### Data
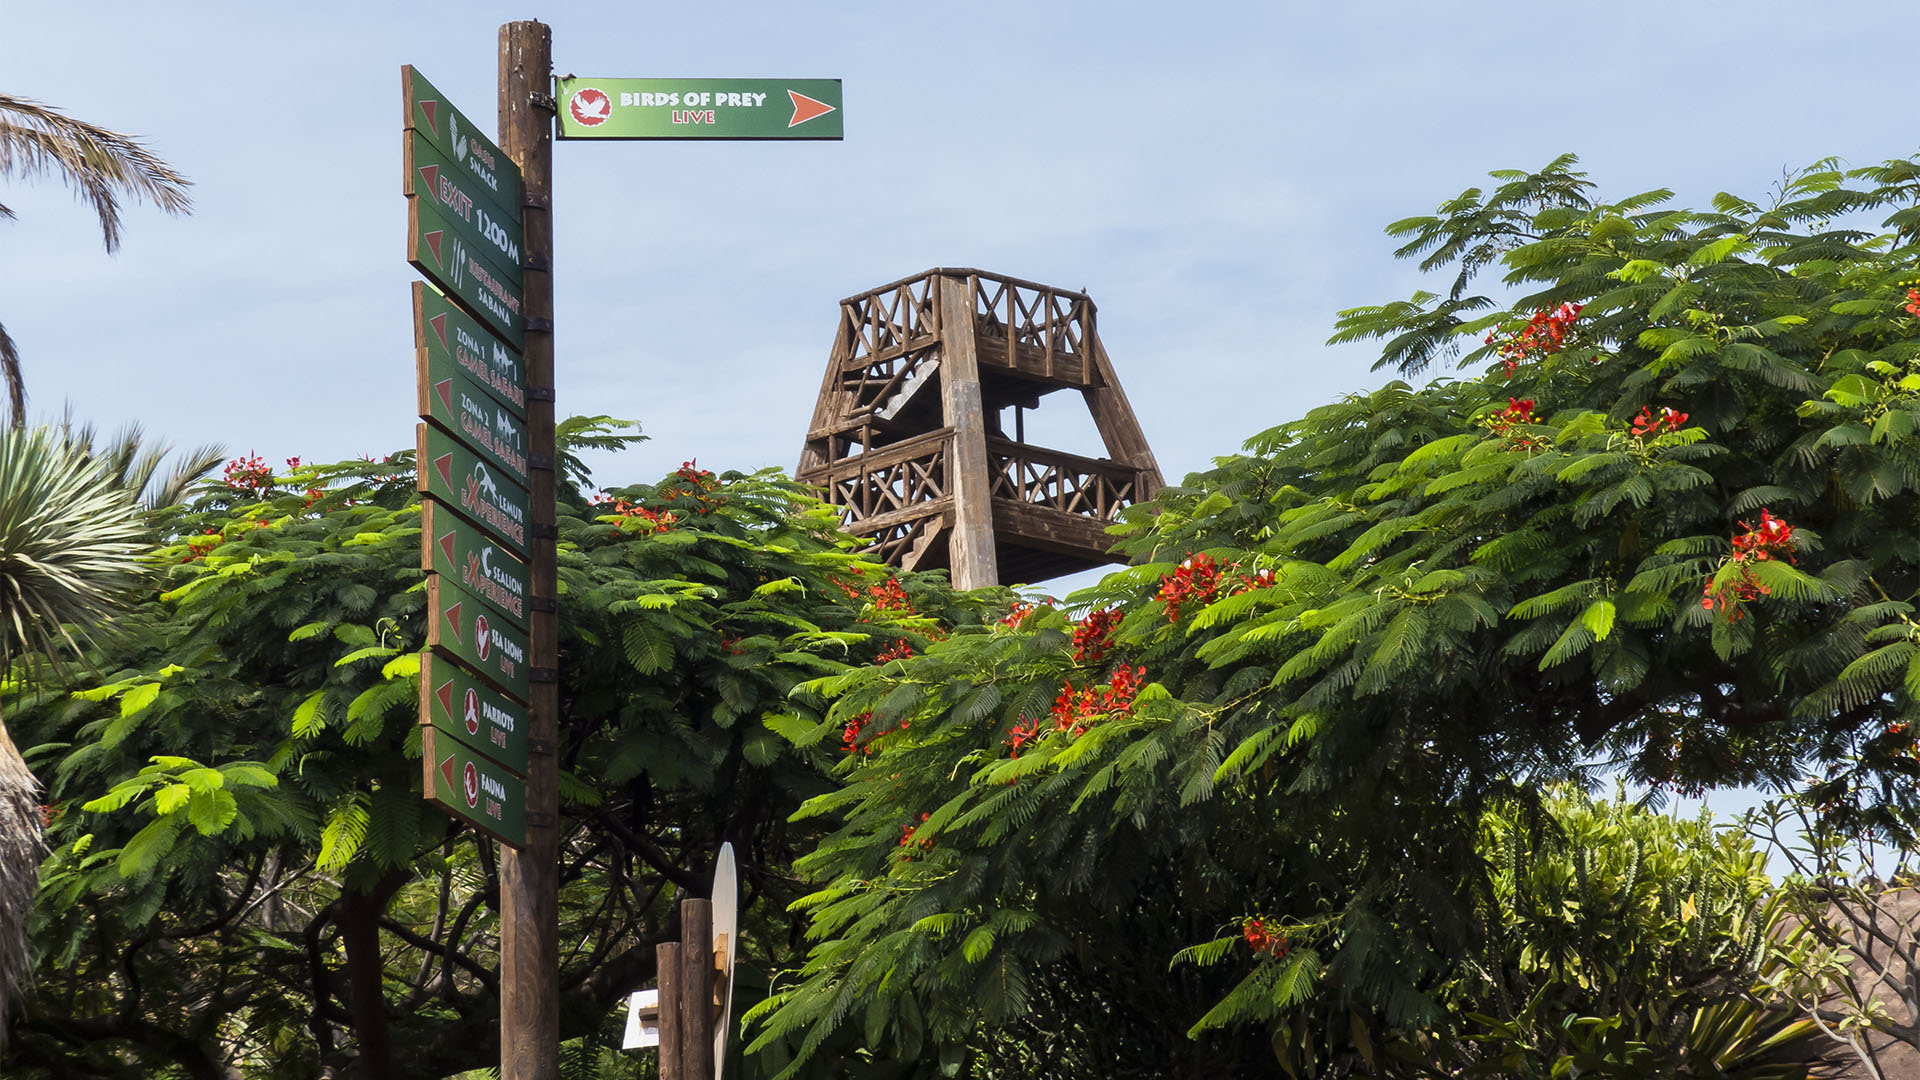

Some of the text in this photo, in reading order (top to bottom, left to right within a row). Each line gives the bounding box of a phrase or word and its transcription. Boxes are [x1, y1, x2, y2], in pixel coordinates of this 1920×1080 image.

[620, 92, 767, 107] BIRDS OF PREY
[672, 110, 716, 125] LIVE
[469, 156, 498, 192] SNACK
[440, 174, 473, 223] EXIT
[468, 257, 520, 315] RESTAURANT
[478, 288, 511, 327] SABANA
[456, 326, 480, 355] ZONA
[456, 346, 525, 408] CAMEL SAFARI
[461, 392, 484, 422] ZONA
[460, 412, 527, 478] CAMEL SAFARI
[461, 472, 524, 547] EXPERIENCE
[499, 494, 524, 523] LEMUR
[463, 550, 522, 619] EXPERIENCE
[492, 628, 522, 664] SEA LIONS
[500, 654, 514, 678] LIVE
[482, 701, 514, 732] PARROTS
[490, 726, 506, 750] LIVE
[481, 773, 506, 802] FAUNA
[486, 797, 502, 820] LIVE
######
Brief >> Exactly as they appear above, give the records again, without their pictures.

Exercise output >>
Some of the text in this photo, in reading order (top to bottom, left to right within a row). Each line gives the bounding box of a phrase or word and its transcription. Boxes are [x1, y1, x2, y2], in pixel coordinates of this 1920×1080 image.

[620, 92, 767, 107] BIRDS OF PREY
[672, 110, 716, 125] LIVE
[469, 156, 498, 192] SNACK
[440, 174, 473, 223] EXIT
[468, 257, 520, 315] RESTAURANT
[478, 288, 511, 327] SABANA
[456, 326, 480, 355] ZONA
[456, 346, 525, 408] CAMEL SAFARI
[461, 392, 484, 422] ZONA
[460, 412, 527, 478] CAMEL SAFARI
[461, 472, 524, 547] EXPERIENCE
[499, 494, 524, 523] LEMUR
[463, 550, 522, 619] EXPERIENCE
[492, 628, 522, 664] SEA LIONS
[500, 654, 514, 678] LIVE
[482, 701, 514, 732] PARROTS
[490, 726, 506, 750] LIVE
[481, 773, 506, 802] FAUNA
[486, 797, 502, 820] LIVE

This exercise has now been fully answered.